Action item: Could you please retype all of the records exactly, skipping any pictures?

Data:
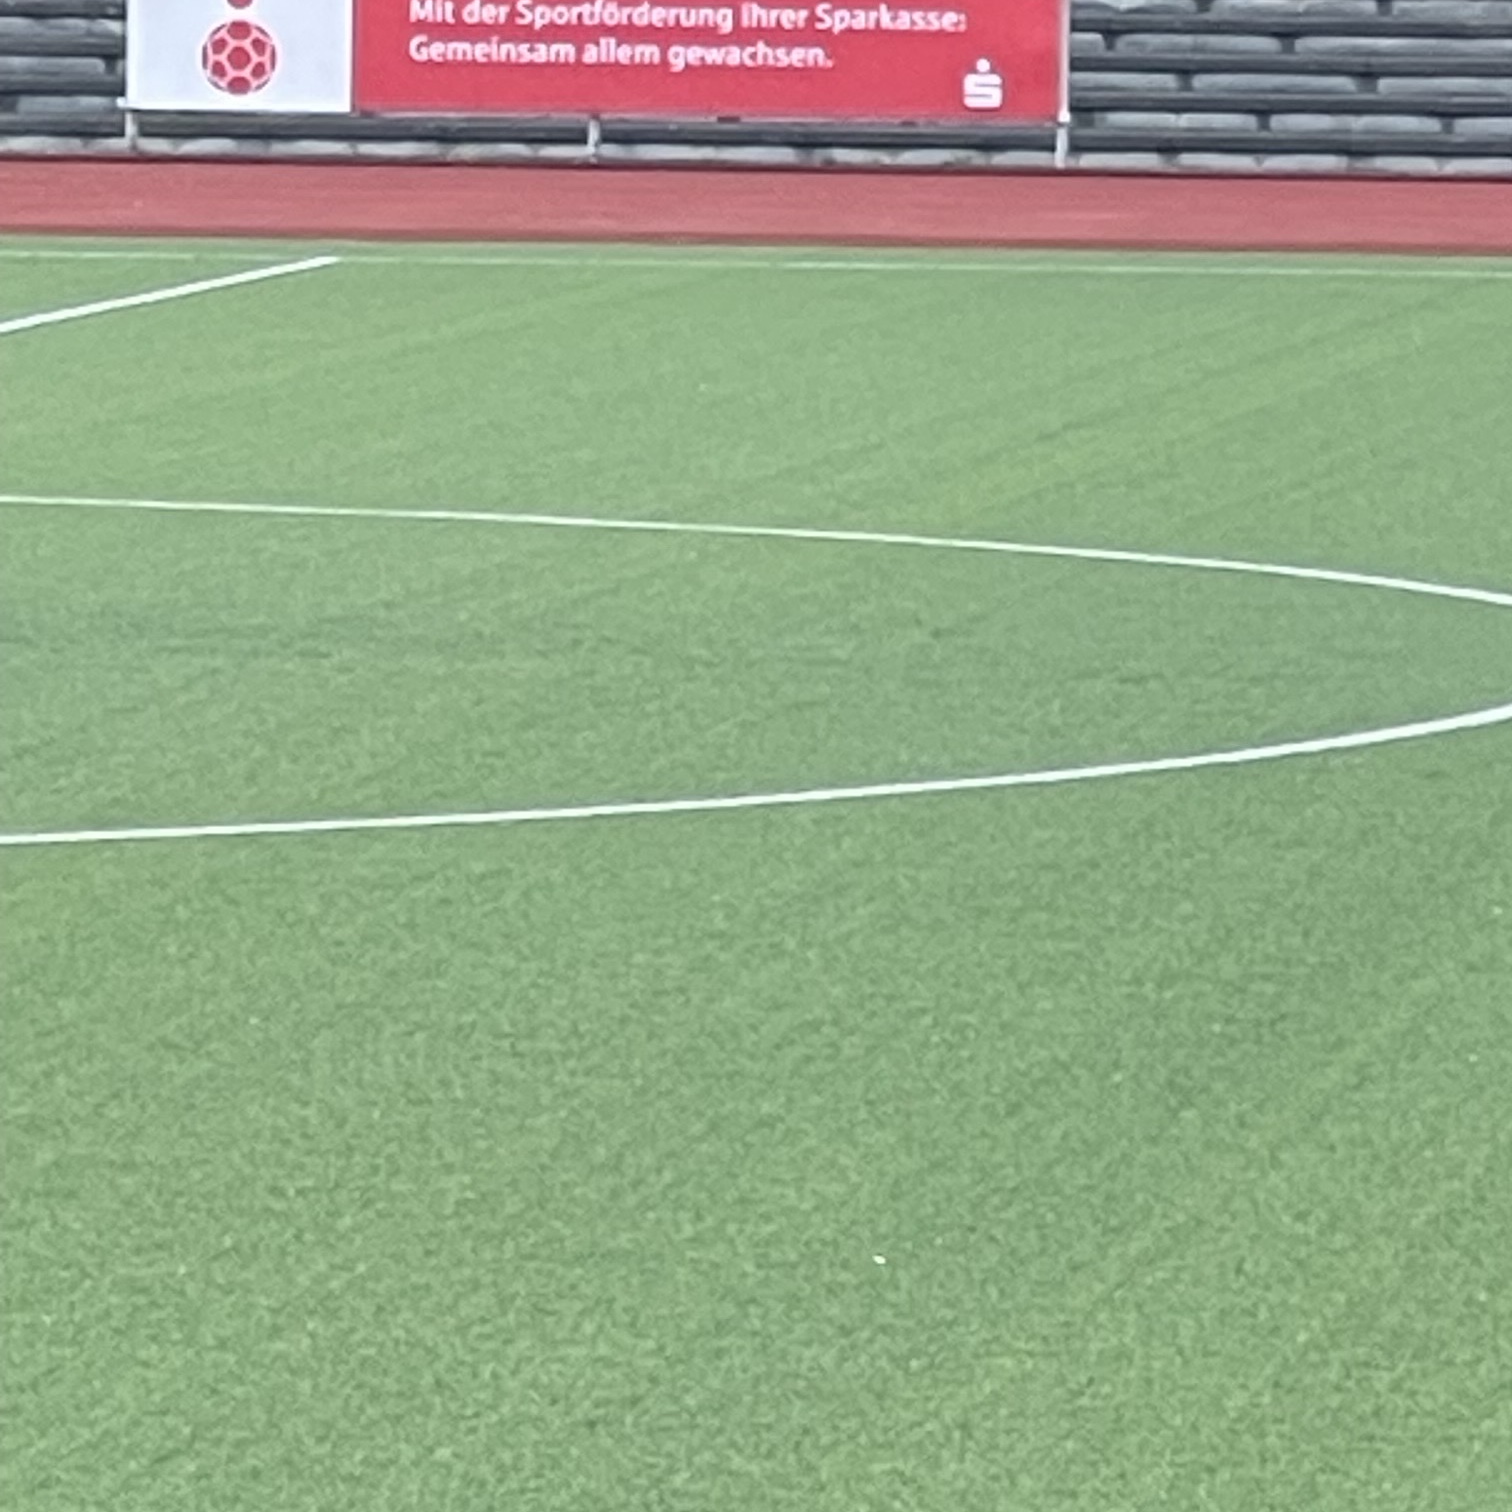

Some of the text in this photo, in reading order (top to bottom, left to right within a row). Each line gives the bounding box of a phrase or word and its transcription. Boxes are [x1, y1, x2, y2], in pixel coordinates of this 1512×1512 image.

[514, 0, 733, 35] Sportförderung
[740, 2, 809, 30] Ihrer
[814, 3, 967, 35] Sparkasse:
[408, 34, 834, 73] Gemeinsam allem gewachsen.

Response area:
Some of the text in this photo, in reading order (top to bottom, left to right within a row). Each line gives the bounding box of a phrase or word and its transcription. Boxes are [x1, y1, x2, y2], in pixel coordinates of this 1512×1512 image.

[514, 0, 733, 35] Sportförderung
[740, 2, 809, 30] Ihrer
[814, 3, 967, 35] Sparkasse:
[408, 34, 834, 73] Gemeinsam allem gewachsen.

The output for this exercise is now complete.